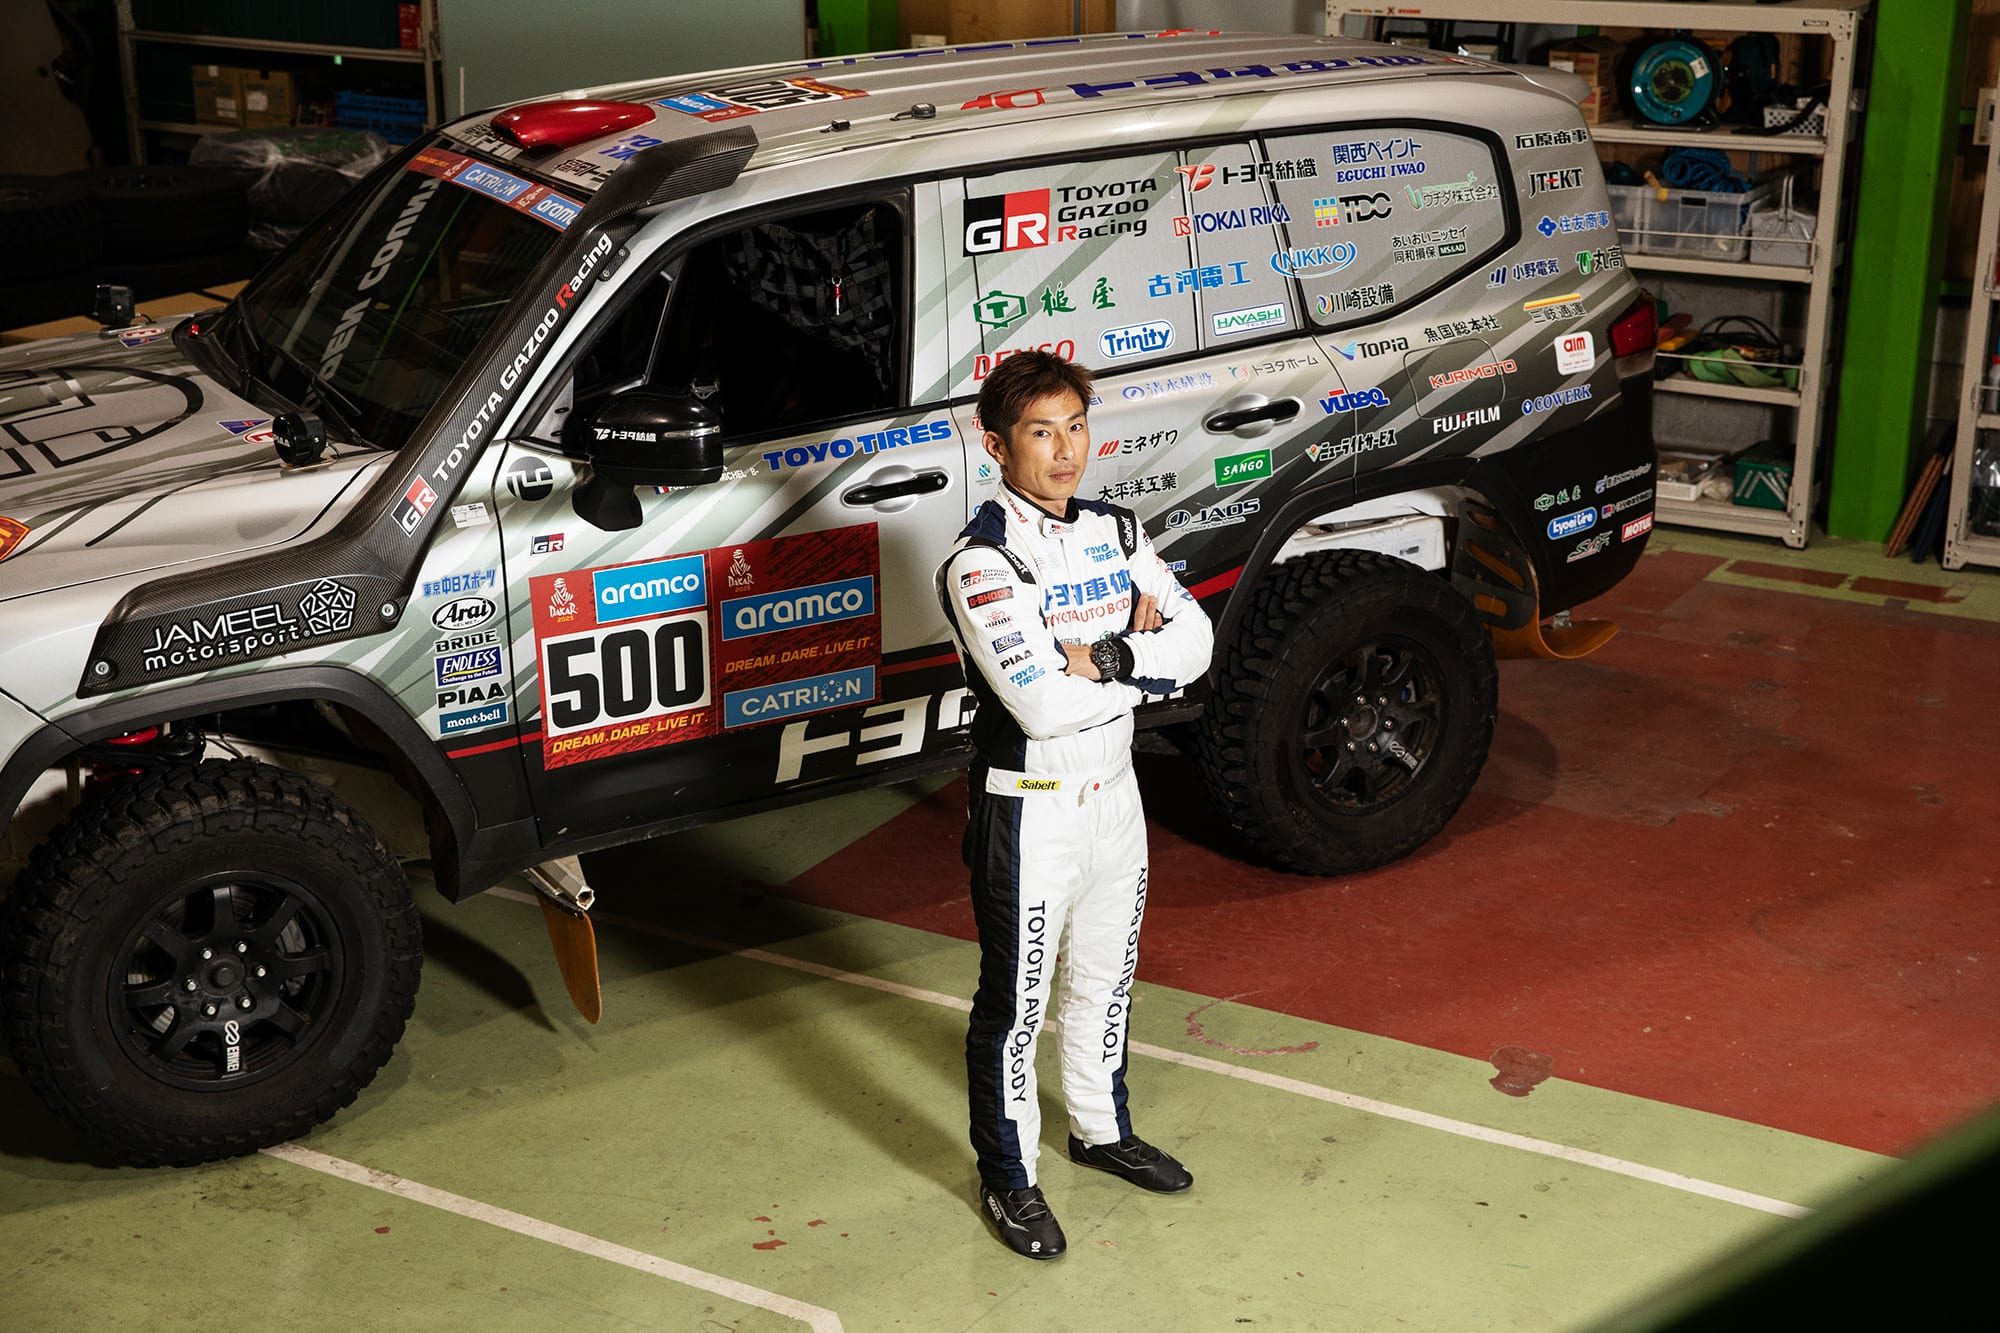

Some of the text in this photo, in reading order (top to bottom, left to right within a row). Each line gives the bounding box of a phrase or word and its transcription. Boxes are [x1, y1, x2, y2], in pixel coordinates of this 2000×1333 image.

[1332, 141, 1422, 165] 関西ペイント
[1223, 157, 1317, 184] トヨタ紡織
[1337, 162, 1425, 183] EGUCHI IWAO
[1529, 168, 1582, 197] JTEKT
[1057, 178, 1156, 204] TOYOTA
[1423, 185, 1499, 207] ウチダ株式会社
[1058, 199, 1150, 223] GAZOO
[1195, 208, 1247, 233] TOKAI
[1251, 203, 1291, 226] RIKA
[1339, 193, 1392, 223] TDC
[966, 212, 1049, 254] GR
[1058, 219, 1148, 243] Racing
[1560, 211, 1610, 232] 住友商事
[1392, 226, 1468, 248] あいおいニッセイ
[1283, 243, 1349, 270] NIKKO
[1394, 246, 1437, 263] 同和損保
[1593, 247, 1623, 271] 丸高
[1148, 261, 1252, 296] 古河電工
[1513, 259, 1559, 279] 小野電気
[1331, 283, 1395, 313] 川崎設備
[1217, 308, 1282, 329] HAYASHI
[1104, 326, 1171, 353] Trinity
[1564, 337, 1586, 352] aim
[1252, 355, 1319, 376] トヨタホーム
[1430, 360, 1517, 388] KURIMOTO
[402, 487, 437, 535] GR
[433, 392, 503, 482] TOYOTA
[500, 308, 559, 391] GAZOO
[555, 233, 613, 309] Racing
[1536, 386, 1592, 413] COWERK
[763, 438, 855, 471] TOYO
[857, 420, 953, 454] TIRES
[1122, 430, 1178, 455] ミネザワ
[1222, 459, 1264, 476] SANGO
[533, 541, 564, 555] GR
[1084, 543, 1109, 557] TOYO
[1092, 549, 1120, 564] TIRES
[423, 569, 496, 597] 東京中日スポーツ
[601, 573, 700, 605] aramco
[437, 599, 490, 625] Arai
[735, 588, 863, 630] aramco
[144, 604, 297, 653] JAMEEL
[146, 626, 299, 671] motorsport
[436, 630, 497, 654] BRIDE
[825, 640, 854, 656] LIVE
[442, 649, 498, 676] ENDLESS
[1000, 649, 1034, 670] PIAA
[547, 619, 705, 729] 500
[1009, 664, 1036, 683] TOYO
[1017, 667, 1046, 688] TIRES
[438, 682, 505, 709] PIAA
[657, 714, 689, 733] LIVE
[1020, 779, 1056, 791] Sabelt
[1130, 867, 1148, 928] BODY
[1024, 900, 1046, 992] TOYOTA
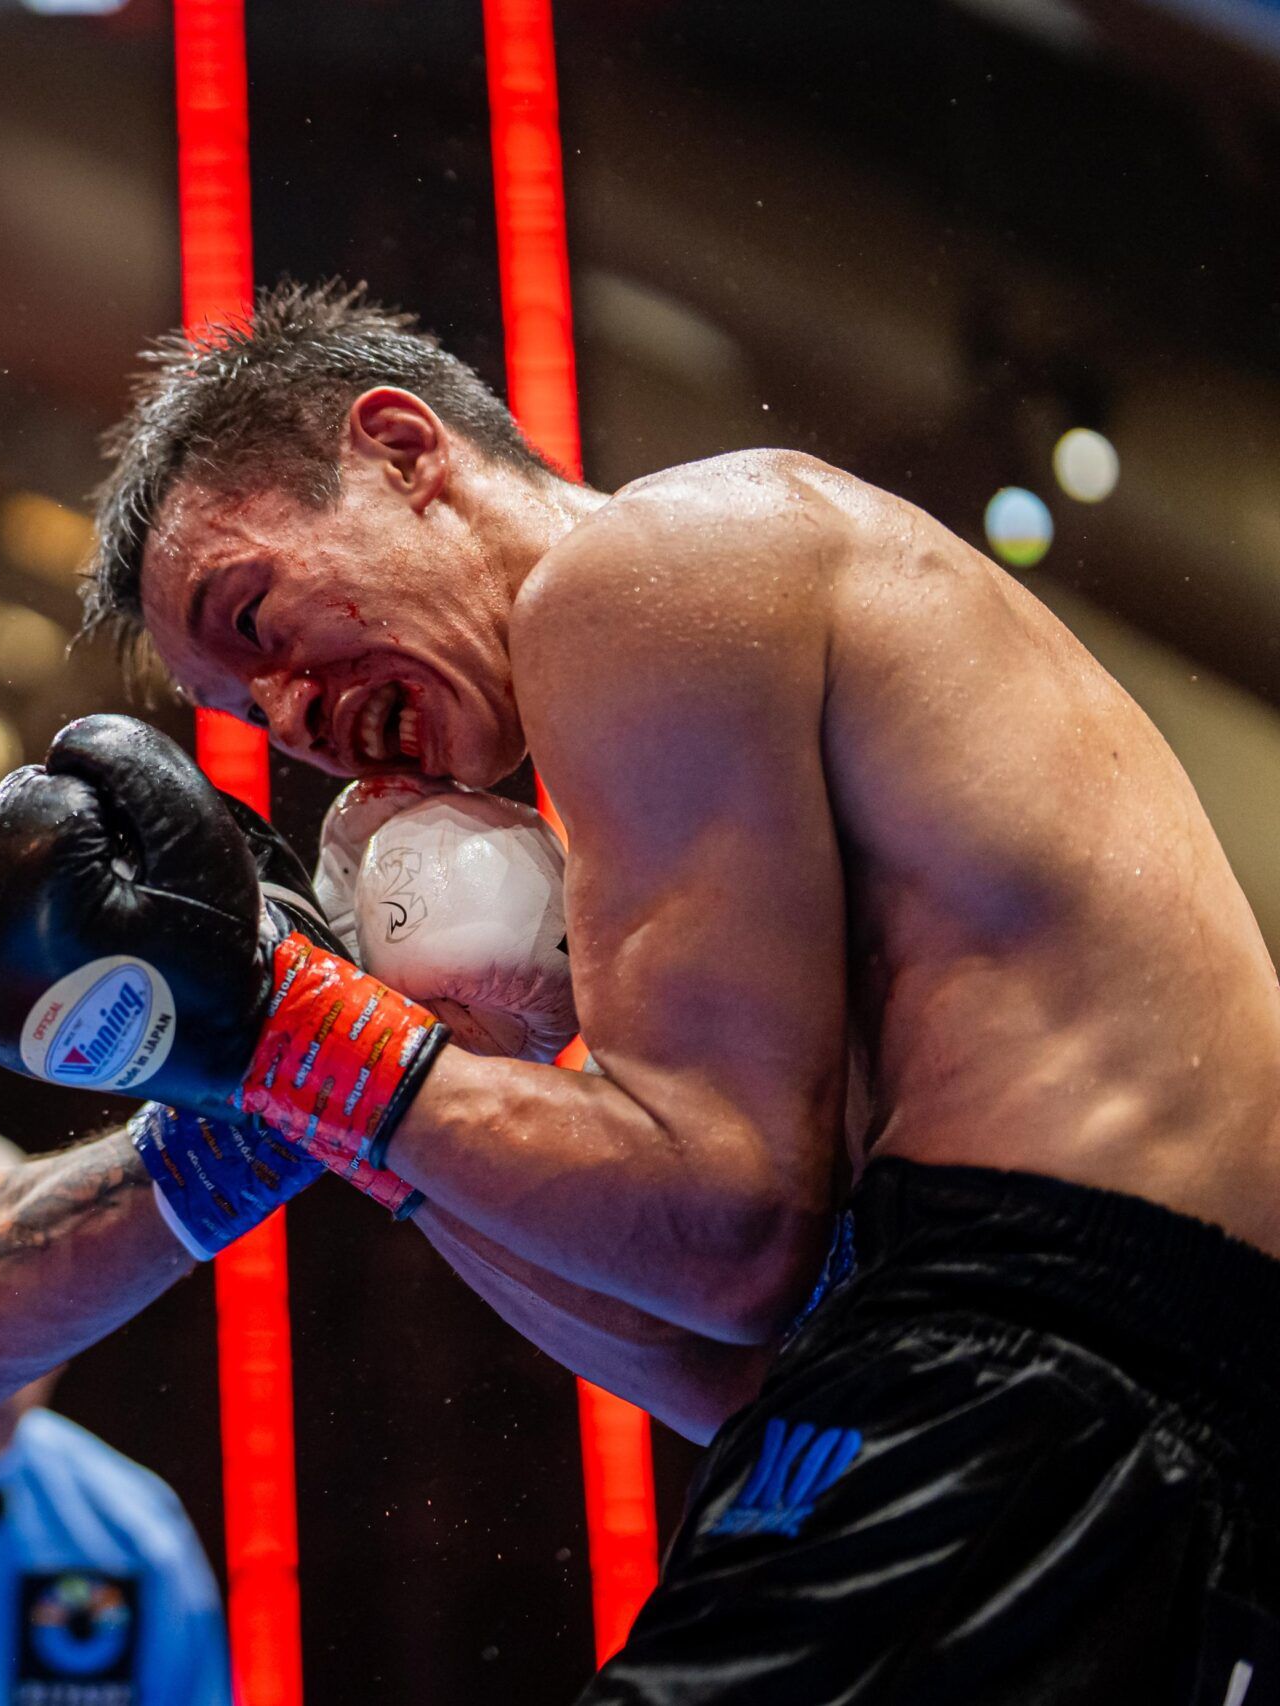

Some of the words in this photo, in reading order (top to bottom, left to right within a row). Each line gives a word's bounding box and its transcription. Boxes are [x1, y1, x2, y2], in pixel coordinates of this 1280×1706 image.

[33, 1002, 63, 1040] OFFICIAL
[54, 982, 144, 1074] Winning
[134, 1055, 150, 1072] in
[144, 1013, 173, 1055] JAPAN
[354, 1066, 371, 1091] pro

—————

**About this task:** In the copy, every entry appears exactly as written above and no picture appears.

**Expected answer:**
Some of the text in this photo, in reading order (top to bottom, left to right within a row). Each line gives the bounding box of a phrase or word and its transcription. Boxes are [x1, y1, x2, y2], in pixel coordinates of this 2000×1333 image.

[1332, 141, 1422, 165] 関西ペイント
[1223, 157, 1317, 184] トヨタ紡織
[1337, 162, 1425, 183] EGUCHI IWAO
[1529, 168, 1582, 197] JTEKT
[1057, 178, 1156, 204] TOYOTA
[1423, 185, 1499, 207] ウチダ株式会社
[1058, 199, 1150, 223] GAZOO
[1195, 208, 1247, 233] TOKAI
[1251, 203, 1291, 226] RIKA
[1339, 193, 1392, 223] TDC
[966, 212, 1049, 254] GR
[1058, 219, 1148, 243] Racing
[1560, 211, 1610, 232] 住友商事
[1392, 226, 1468, 248] あいおいニッセイ
[1283, 243, 1349, 270] NIKKO
[1394, 246, 1437, 263] 同和損保
[1593, 247, 1623, 271] 丸高
[1148, 261, 1252, 296] 古河電工
[1513, 259, 1559, 279] 小野電気
[1331, 283, 1395, 313] 川崎設備
[1217, 308, 1282, 329] HAYASHI
[1104, 326, 1171, 353] Trinity
[1564, 337, 1586, 352] aim
[1252, 355, 1319, 376] トヨタホーム
[1430, 360, 1517, 388] KURIMOTO
[402, 487, 437, 535] GR
[433, 392, 503, 482] TOYOTA
[500, 308, 559, 391] GAZOO
[555, 233, 613, 309] Racing
[1536, 386, 1592, 413] COWERK
[763, 438, 855, 471] TOYO
[857, 420, 953, 454] TIRES
[1122, 430, 1178, 455] ミネザワ
[1222, 459, 1264, 476] SANGO
[533, 541, 564, 555] GR
[1084, 543, 1109, 557] TOYO
[1092, 549, 1120, 564] TIRES
[423, 569, 496, 597] 東京中日スポーツ
[601, 573, 700, 605] aramco
[437, 599, 490, 625] Arai
[735, 588, 863, 630] aramco
[144, 604, 297, 653] JAMEEL
[146, 626, 299, 671] motorsport
[436, 630, 497, 654] BRIDE
[825, 640, 854, 656] LIVE
[442, 649, 498, 676] ENDLESS
[1000, 649, 1034, 670] PIAA
[547, 619, 705, 729] 500
[1009, 664, 1036, 683] TOYO
[1017, 667, 1046, 688] TIRES
[438, 682, 505, 709] PIAA
[657, 714, 689, 733] LIVE
[1020, 779, 1056, 791] Sabelt
[1130, 867, 1148, 928] BODY
[1024, 900, 1046, 992] TOYOTA

Some of the words in this photo, in reading order (top to bottom, left to right within a row). Each line gives a word's bounding box and its transcription. Boxes are [x1, y1, x2, y2], in pixel coordinates of this 1280×1706 image.

[33, 1002, 63, 1040] OFFICIAL
[54, 982, 144, 1074] Winning
[134, 1055, 150, 1072] in
[144, 1013, 173, 1055] JAPAN
[354, 1066, 371, 1091] pro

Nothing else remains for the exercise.